Two of my favorite media and First Amendment scholars, Thomas G. Krattenmaker and Lucas A. Powe, once observed that “it has become a trivial ritual to observe that telecommunications technologies and media are converging.” But while “convergence” is a buzzword that has been uttered in almost every conversation about technology, communications, and media over the past decade, that doesn’t mean the significance of this phenomena should be casually overlooked or ignored by policy makers, business leaders, or consumers. Indeed, technological convergence is set to upend the entire media universe and public policy along with it.
If you don’t believe me, then you need to check out this excellent new report by Deloitte entitled Digital Convergence: The Trillion Dollar Challenge. The Deloitte report notes that “increasingly substance is displacing the hype” about convergence. They cite numerous examples of how convergence is at work–and with a vengeance–in the technology, media and telecommunications (TMT) sectors.
Rapid convergence for TMT is being driven, they argue, by three underlying trends:
(1) The Proliferation of Digital Data: The general digitization of all information and content in our new economy;
(2) Widespread Connectivity: The tying together of previously diverse information, networks, devices, organizations, and communities; and,
(3) Technological Advance: The unrelenting pace of technological change and innovation–most notably embodied in Moore’s Law–which continues to make everything in the Digital Economy faster, cheaper, smaller and more energy effiecient.

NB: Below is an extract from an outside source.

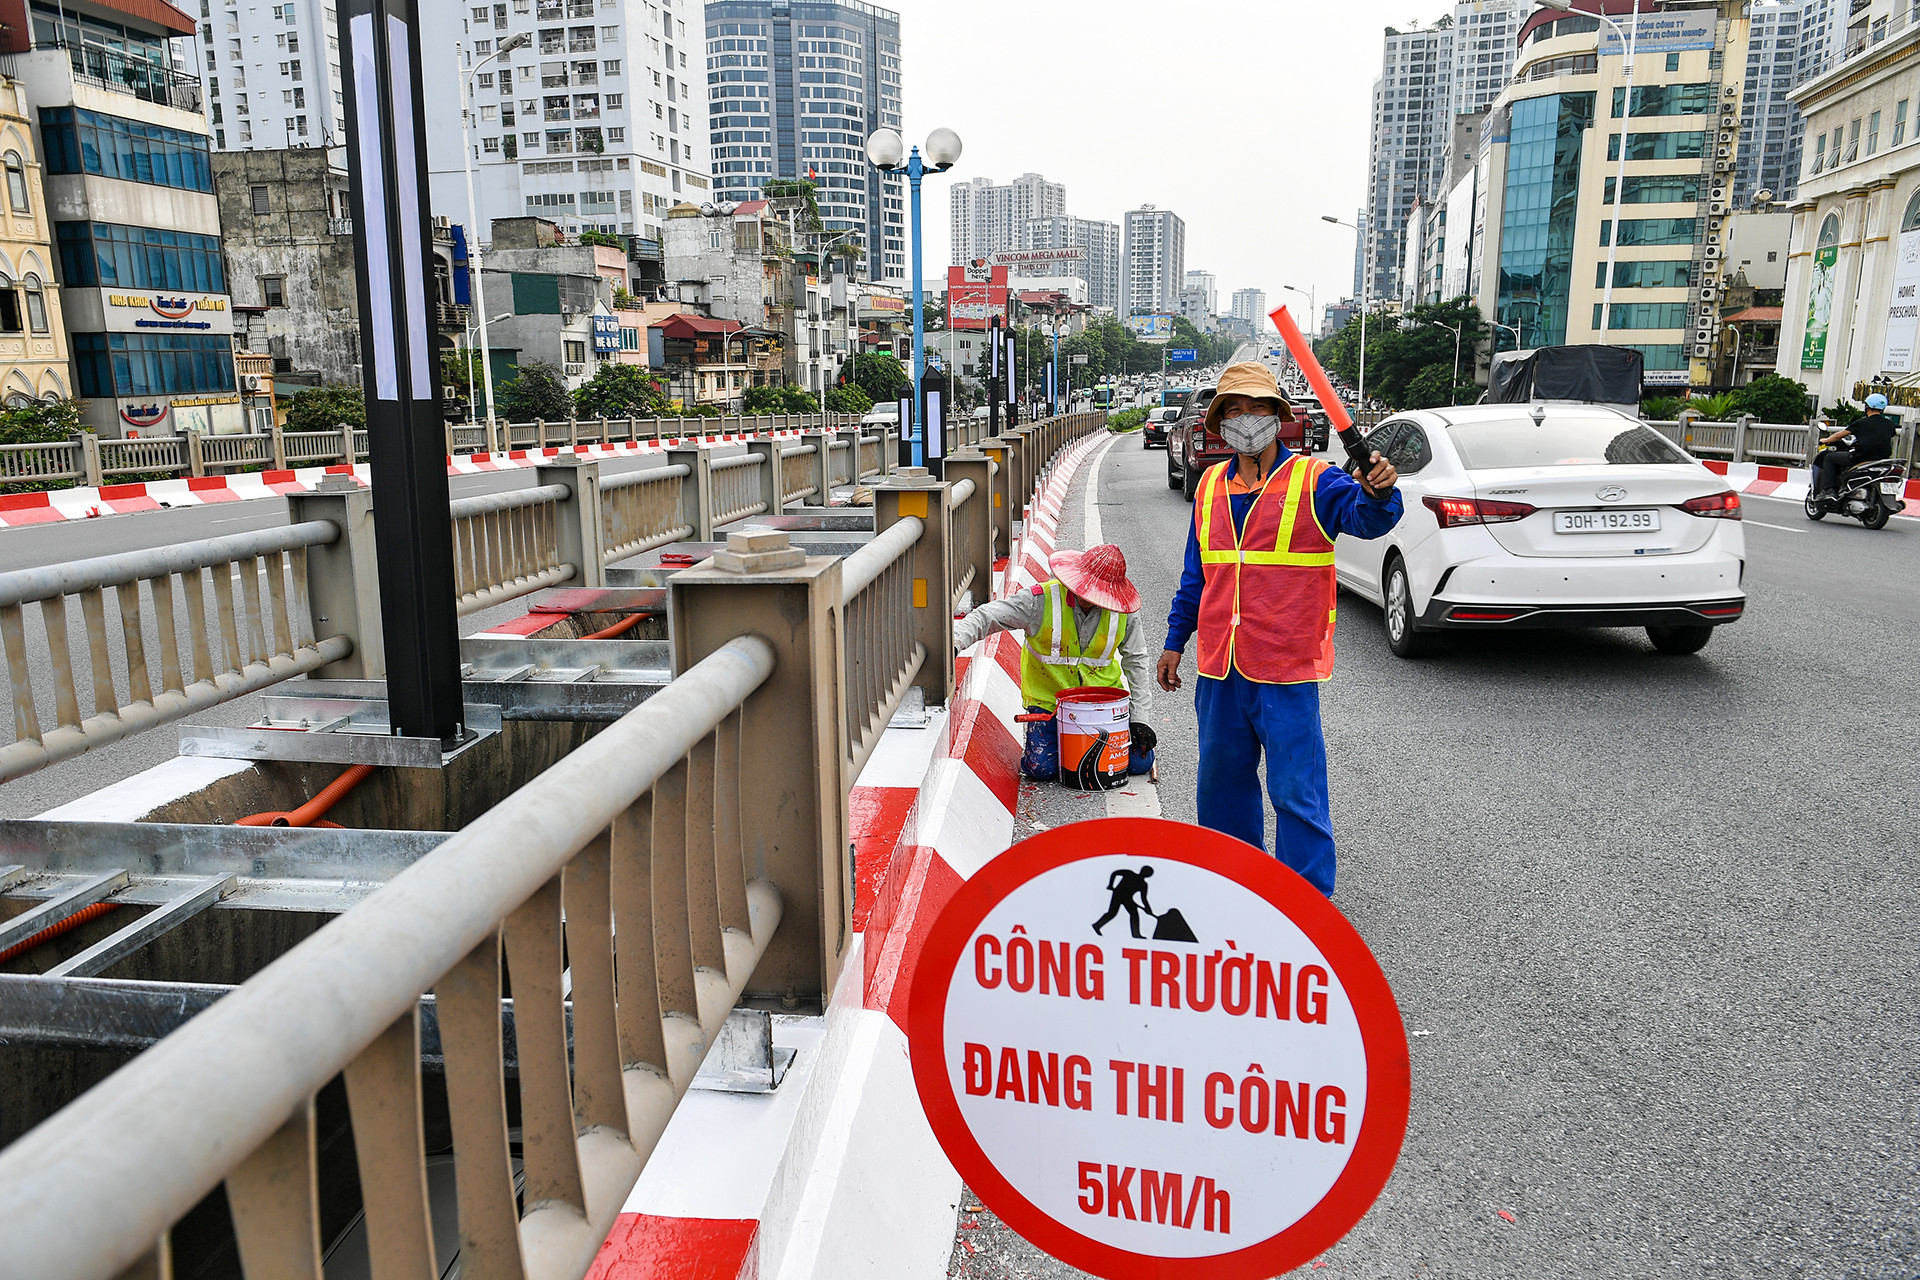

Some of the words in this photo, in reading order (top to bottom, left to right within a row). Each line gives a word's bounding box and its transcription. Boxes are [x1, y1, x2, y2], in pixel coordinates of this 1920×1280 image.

These convergence factors, the report goes on to argue, can be expected to “create new product categories, new markets, and in some cases even change the structure of existing industries–shifting the balance of power and altering the basis of competition. Some companies will win; some will lose; and some will stand idle as the best opportunities pass them by.”
Traditional media and communications companies… are you listening?